AIM OF THE EXERCISE:
Nothing but the lines from the one containing "this 1920×1081 image." through the last line of the records below should be written out, each exactly as it stands.

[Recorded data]
^^^^^^^^
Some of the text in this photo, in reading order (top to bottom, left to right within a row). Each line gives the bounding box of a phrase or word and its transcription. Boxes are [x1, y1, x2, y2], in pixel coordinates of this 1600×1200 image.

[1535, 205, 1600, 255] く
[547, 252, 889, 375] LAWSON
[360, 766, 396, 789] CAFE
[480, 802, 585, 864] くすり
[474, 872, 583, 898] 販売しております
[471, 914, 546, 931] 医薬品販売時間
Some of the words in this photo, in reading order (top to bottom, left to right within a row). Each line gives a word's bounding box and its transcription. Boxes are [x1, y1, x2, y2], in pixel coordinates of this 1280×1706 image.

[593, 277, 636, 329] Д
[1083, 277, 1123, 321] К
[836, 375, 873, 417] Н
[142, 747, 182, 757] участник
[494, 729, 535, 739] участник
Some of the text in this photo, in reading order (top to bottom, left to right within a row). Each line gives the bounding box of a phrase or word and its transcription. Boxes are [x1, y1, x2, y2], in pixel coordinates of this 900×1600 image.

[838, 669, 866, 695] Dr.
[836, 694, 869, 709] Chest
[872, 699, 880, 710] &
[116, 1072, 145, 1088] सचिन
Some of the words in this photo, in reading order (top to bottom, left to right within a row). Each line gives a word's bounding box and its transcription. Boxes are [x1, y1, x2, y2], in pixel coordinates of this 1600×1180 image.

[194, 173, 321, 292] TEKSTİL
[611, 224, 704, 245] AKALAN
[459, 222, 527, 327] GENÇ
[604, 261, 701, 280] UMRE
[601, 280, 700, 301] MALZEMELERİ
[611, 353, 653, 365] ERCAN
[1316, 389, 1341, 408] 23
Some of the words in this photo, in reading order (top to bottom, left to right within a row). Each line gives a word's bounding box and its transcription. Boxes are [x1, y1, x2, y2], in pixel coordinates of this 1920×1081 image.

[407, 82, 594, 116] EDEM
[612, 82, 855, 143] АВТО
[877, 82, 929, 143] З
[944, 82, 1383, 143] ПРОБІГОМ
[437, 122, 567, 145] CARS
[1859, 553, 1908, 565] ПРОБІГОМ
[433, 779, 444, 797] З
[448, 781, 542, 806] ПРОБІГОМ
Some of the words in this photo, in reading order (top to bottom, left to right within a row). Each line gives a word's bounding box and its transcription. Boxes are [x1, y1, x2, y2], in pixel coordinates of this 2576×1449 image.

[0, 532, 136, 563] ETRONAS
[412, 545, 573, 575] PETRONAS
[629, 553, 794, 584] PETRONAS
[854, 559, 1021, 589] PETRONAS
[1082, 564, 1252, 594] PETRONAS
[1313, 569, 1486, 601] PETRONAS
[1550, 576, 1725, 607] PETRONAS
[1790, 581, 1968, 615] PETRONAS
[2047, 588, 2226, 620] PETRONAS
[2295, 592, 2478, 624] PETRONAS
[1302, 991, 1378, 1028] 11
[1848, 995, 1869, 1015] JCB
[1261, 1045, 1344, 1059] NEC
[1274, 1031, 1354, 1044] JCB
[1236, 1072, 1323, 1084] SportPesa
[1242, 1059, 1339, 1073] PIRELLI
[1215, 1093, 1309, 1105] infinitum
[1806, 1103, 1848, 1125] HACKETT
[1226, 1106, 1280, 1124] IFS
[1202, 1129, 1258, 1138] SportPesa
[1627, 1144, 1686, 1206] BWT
^^^^^^^^
TASK ANSWER:
Some of the words in this photo, in reading order (top to bottom, left to right within a row). Each line gives a word's bounding box and its transcription. Boxes are [x1, y1, x2, y2], in pixel coordinates of this 1920×1081 image.

[407, 82, 594, 116] EDEM
[612, 82, 855, 143] АВТО
[877, 82, 929, 143] З
[944, 82, 1383, 143] ПРОБІГОМ
[437, 122, 567, 145] CARS
[1859, 553, 1908, 565] ПРОБІГОМ
[433, 779, 444, 797] З
[448, 781, 542, 806] ПРОБІГОМ
Some of the words in this photo, in reading order (top to bottom, left to right within a row). Each line gives a word's bounding box and its transcription. Boxes are [x1, y1, x2, y2], in pixel coordinates of this 2576×1449 image.

[0, 532, 136, 563] ETRONAS
[412, 545, 573, 575] PETRONAS
[629, 553, 794, 584] PETRONAS
[854, 559, 1021, 589] PETRONAS
[1082, 564, 1252, 594] PETRONAS
[1313, 569, 1486, 601] PETRONAS
[1550, 576, 1725, 607] PETRONAS
[1790, 581, 1968, 615] PETRONAS
[2047, 588, 2226, 620] PETRONAS
[2295, 592, 2478, 624] PETRONAS
[1302, 991, 1378, 1028] 11
[1848, 995, 1869, 1015] JCB
[1261, 1045, 1344, 1059] NEC
[1274, 1031, 1354, 1044] JCB
[1236, 1072, 1323, 1084] SportPesa
[1242, 1059, 1339, 1073] PIRELLI
[1215, 1093, 1309, 1105] infinitum
[1806, 1103, 1848, 1125] HACKETT
[1226, 1106, 1280, 1124] IFS
[1202, 1129, 1258, 1138] SportPesa
[1627, 1144, 1686, 1206] BWT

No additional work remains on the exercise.